Nutrition and Metabolic Insights (Apr 2019)

Effects of Pubertal Status and Inflammation on the Use of Ferritin to Define Iron Deficiency in Children With Overweight or Obesity

  • Maria Luz Muzzio,
  • Ezequiel S Lozano Chiappe,
  • Laura Kabakian,
  • Florencia Ferraro,
  • Ines Landó,
  • Elizabeth Alonso,
  • Jorgelina Fernández,
  • Soledad Peredo,
  • Lucrecia Brovarone,
  • Maria Pia Santucci,
  • Tomás Meroño

DOI
https://doi.org/10.1177/1178638819839064
Journal volume & issue
Vol. 12

Abstract

Read online

Background and aims: A worldwide increase in childhood overweight (OW) and obesity (OB) has been reported. OB is an inflammatory state which affects iron metabolism and the sensibility of the tests to detect iron deficiency (ID). Our aim was to evaluate the adequacy of current ferritin cut-offs to define ID in children with OW/OB. Methods: This cross-sectional study included 152 children (54% girls) aged (median [Q1-Q3]) 11 (8-13) years with OW/OB. Complete blood count and iron metabolism were evaluated. Low ferritin, transferrin saturation (TSat), and anemia were defined by age- and sex-specific cut-offs recommended by National Guidelines. Iron intake was assessed in a subgroup (n = 80) by a 24-hour dietary recall. Analyses were made according to pubertal development and ferritin tertiles. Results: The overall prevalence of low ferritin, TSat, and anemia was 2.6%, 23.8%, and 5.2%, respectively. Among pre-pubertal children (n = 87), the frequency of low TSat rose across ferritin tertiles ( P < .05), whereas it decreased among pubertal children (n = 65; P < .005).
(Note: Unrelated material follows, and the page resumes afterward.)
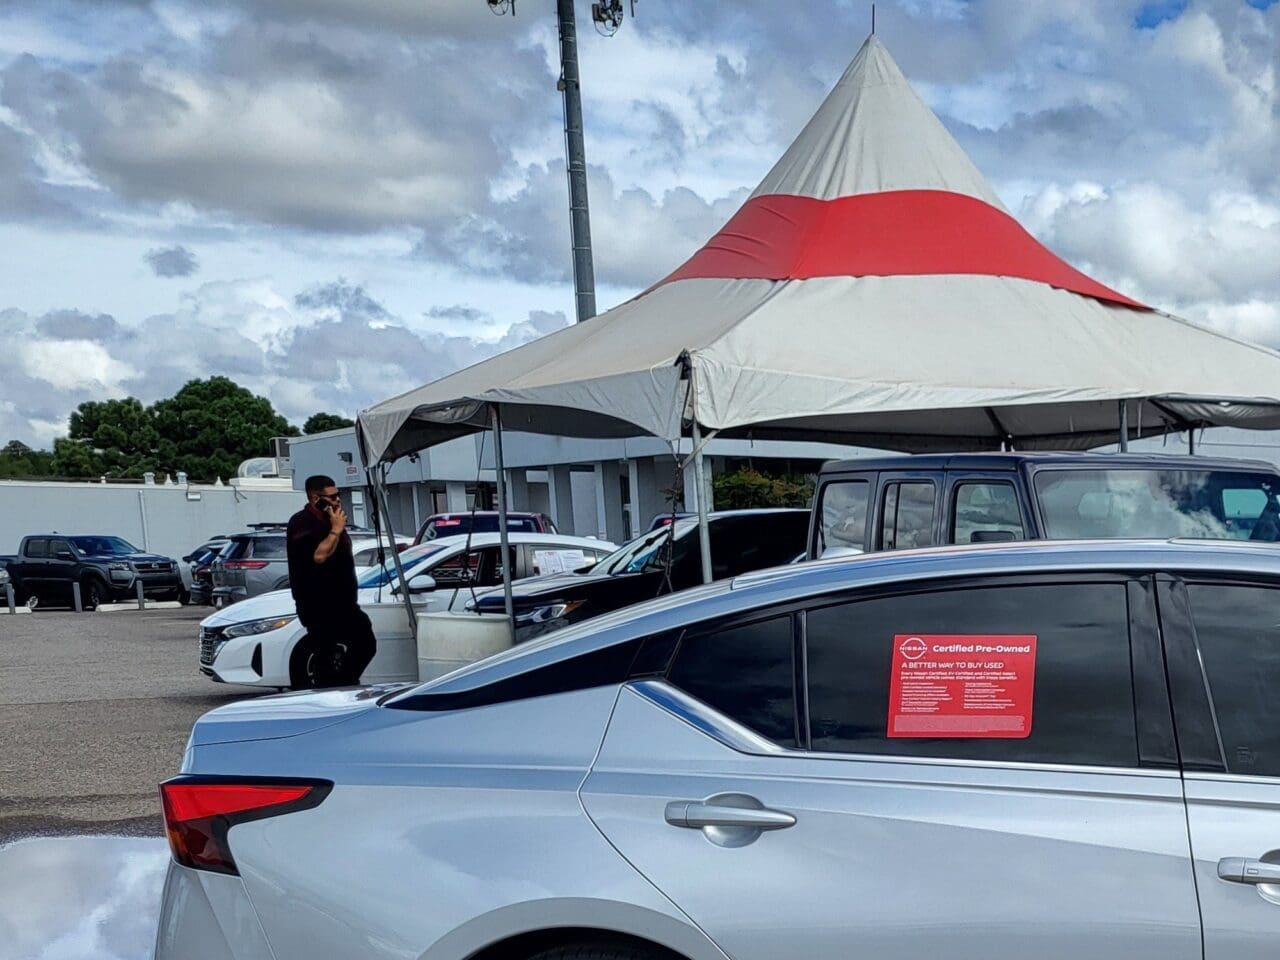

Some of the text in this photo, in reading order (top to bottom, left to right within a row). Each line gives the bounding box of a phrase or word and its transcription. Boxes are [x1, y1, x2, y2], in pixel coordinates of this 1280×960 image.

Cases of anemia among pre-pubertal children were found in the highest ferritin tertile, whereas 4/6 anemia cases in pubertal children were found in the lowest ferritin tertile (<39 µg/L). Pubertal children within the lowest ferritin tertile + low TSat (n = 11) showed lower hemoglobin (–9%; P < .005) and hematocrit (–8%, P < .01) than those in the same tertile + normal TSat (n = 16). The overall prevalence of children with ferritin < 39 µg/L + low TSat was 9.2%. Conclusions: Higher ferritin cut-off values are required to define ID in children with OW/OB. Such cut-off remains to be validated in larger, multi-ethnic cohorts of children with OW/OB.